• TASK: Transcribe the records in full, keeping every character as it is.

• PROVIDED ENTRIES:
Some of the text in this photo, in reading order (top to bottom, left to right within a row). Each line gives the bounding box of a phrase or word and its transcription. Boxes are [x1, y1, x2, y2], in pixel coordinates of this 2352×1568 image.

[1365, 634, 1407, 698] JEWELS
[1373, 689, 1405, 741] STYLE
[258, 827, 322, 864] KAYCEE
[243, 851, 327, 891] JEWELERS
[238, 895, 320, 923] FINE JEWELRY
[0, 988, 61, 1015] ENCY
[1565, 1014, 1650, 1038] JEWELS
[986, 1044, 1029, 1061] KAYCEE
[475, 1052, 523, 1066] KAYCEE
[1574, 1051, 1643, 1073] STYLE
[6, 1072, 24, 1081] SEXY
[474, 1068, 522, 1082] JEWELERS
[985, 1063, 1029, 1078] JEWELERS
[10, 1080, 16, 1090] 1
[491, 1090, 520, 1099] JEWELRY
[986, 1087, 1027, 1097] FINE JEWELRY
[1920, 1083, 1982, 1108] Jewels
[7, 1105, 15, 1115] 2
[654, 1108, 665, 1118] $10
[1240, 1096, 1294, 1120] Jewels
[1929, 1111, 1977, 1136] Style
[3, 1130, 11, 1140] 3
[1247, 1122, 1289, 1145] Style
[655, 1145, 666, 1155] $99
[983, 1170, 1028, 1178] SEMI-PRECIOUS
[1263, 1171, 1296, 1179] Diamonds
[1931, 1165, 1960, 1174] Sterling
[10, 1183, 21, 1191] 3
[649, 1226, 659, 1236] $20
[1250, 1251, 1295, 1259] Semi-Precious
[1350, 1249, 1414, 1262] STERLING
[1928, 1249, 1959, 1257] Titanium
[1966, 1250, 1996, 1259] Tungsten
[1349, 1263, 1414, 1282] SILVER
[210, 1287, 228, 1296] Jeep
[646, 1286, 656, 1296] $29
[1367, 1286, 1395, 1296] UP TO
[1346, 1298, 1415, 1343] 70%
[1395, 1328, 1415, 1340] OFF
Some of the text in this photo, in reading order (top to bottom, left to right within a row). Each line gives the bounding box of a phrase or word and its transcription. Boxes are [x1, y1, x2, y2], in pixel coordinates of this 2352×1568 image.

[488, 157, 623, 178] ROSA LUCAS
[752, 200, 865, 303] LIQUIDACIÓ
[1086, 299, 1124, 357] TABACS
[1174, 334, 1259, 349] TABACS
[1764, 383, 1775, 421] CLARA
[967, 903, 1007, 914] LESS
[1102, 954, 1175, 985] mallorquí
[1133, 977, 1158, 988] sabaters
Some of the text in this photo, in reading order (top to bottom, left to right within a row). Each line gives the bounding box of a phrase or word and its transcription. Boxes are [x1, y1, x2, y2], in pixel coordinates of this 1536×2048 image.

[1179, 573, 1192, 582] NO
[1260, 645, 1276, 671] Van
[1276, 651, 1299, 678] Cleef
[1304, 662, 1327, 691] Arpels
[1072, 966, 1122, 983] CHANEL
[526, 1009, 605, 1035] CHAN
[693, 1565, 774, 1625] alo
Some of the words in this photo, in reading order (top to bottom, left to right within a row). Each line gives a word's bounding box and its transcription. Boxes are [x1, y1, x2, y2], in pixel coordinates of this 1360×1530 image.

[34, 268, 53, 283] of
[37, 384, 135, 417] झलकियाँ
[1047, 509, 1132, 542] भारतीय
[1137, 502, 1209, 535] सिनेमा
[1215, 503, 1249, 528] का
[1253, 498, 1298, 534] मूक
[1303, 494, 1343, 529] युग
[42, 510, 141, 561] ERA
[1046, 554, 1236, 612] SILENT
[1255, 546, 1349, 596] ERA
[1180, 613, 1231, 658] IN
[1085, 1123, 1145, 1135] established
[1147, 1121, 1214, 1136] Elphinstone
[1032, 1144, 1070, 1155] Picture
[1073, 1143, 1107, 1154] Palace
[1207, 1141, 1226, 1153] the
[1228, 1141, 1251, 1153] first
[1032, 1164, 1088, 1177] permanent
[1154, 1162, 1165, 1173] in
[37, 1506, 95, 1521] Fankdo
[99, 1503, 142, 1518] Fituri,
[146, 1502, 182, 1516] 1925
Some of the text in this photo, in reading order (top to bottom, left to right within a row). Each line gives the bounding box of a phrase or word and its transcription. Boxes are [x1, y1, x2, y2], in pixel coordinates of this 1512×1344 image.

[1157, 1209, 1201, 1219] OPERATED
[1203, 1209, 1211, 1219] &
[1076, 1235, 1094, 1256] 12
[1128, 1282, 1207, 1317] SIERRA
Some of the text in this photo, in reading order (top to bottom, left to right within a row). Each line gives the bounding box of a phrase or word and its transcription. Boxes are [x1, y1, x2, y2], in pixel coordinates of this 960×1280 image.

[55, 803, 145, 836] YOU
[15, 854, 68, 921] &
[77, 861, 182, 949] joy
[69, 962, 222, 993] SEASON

• ANSWER TO THIS EXERCISE:
Some of the text in this photo, in reading order (top to bottom, left to right within a row). Each line gives the bounding box of a phrase or word and its transcription. Boxes are [x1, y1, x2, y2], in pixel coordinates of this 2352×1568 image.

[1365, 634, 1407, 698] JEWELS
[1373, 689, 1405, 741] STYLE
[258, 827, 322, 864] KAYCEE
[243, 851, 327, 891] JEWELERS
[238, 895, 320, 923] FINE JEWELRY
[0, 988, 61, 1015] ENCY
[1565, 1014, 1650, 1038] JEWELS
[986, 1044, 1029, 1061] KAYCEE
[475, 1052, 523, 1066] KAYCEE
[1574, 1051, 1643, 1073] STYLE
[6, 1072, 24, 1081] SEXY
[474, 1068, 522, 1082] JEWELERS
[985, 1063, 1029, 1078] JEWELERS
[10, 1080, 16, 1090] 1
[491, 1090, 520, 1099] JEWELRY
[986, 1087, 1027, 1097] FINE JEWELRY
[1920, 1083, 1982, 1108] Jewels
[7, 1105, 15, 1115] 2
[654, 1108, 665, 1118] $10
[1240, 1096, 1294, 1120] Jewels
[1929, 1111, 1977, 1136] Style
[3, 1130, 11, 1140] 3
[1247, 1122, 1289, 1145] Style
[655, 1145, 666, 1155] $99
[983, 1170, 1028, 1178] SEMI-PRECIOUS
[1263, 1171, 1296, 1179] Diamonds
[1931, 1165, 1960, 1174] Sterling
[10, 1183, 21, 1191] 3
[649, 1226, 659, 1236] $20
[1250, 1251, 1295, 1259] Semi-Precious
[1350, 1249, 1414, 1262] STERLING
[1928, 1249, 1959, 1257] Titanium
[1966, 1250, 1996, 1259] Tungsten
[1349, 1263, 1414, 1282] SILVER
[210, 1287, 228, 1296] Jeep
[646, 1286, 656, 1296] $29
[1367, 1286, 1395, 1296] UP TO
[1346, 1298, 1415, 1343] 70%
[1395, 1328, 1415, 1340] OFF
Some of the text in this photo, in reading order (top to bottom, left to right within a row). Each line gives the bounding box of a phrase or word and its transcription. Boxes are [x1, y1, x2, y2], in pixel coordinates of this 2352×1568 image.

[488, 157, 623, 178] ROSA LUCAS
[752, 200, 865, 303] LIQUIDACIÓ
[1086, 299, 1124, 357] TABACS
[1174, 334, 1259, 349] TABACS
[1764, 383, 1775, 421] CLARA
[967, 903, 1007, 914] LESS
[1102, 954, 1175, 985] mallorquí
[1133, 977, 1158, 988] sabaters
Some of the text in this photo, in reading order (top to bottom, left to right within a row). Each line gives the bounding box of a phrase or word and its transcription. Boxes are [x1, y1, x2, y2], in pixel coordinates of this 1536×2048 image.

[1179, 573, 1192, 582] NO
[1260, 645, 1276, 671] Van
[1276, 651, 1299, 678] Cleef
[1304, 662, 1327, 691] Arpels
[1072, 966, 1122, 983] CHANEL
[526, 1009, 605, 1035] CHAN
[693, 1565, 774, 1625] alo
Some of the words in this photo, in reading order (top to bottom, left to right within a row). Each line gives a word's bounding box and its transcription. Boxes are [x1, y1, x2, y2], in pixel coordinates of this 1360×1530 image.

[34, 268, 53, 283] of
[37, 384, 135, 417] झलकियाँ
[1047, 509, 1132, 542] भारतीय
[1137, 502, 1209, 535] सिनेमा
[1215, 503, 1249, 528] का
[1253, 498, 1298, 534] मूक
[1303, 494, 1343, 529] युग
[42, 510, 141, 561] ERA
[1046, 554, 1236, 612] SILENT
[1255, 546, 1349, 596] ERA
[1180, 613, 1231, 658] IN
[1085, 1123, 1145, 1135] established
[1147, 1121, 1214, 1136] Elphinstone
[1032, 1144, 1070, 1155] Picture
[1073, 1143, 1107, 1154] Palace
[1207, 1141, 1226, 1153] the
[1228, 1141, 1251, 1153] first
[1032, 1164, 1088, 1177] permanent
[1154, 1162, 1165, 1173] in
[37, 1506, 95, 1521] Fankdo
[99, 1503, 142, 1518] Fituri,
[146, 1502, 182, 1516] 1925
Some of the text in this photo, in reading order (top to bottom, left to right within a row). Each line gives the bounding box of a phrase or word and its transcription. Boxes are [x1, y1, x2, y2], in pixel coordinates of this 1512×1344 image.

[1157, 1209, 1201, 1219] OPERATED
[1203, 1209, 1211, 1219] &
[1076, 1235, 1094, 1256] 12
[1128, 1282, 1207, 1317] SIERRA
Some of the text in this photo, in reading order (top to bottom, left to right within a row). Each line gives the bounding box of a phrase or word and its transcription. Boxes are [x1, y1, x2, y2], in pixel coordinates of this 960×1280 image.

[55, 803, 145, 836] YOU
[15, 854, 68, 921] &
[77, 861, 182, 949] joy
[69, 962, 222, 993] SEASON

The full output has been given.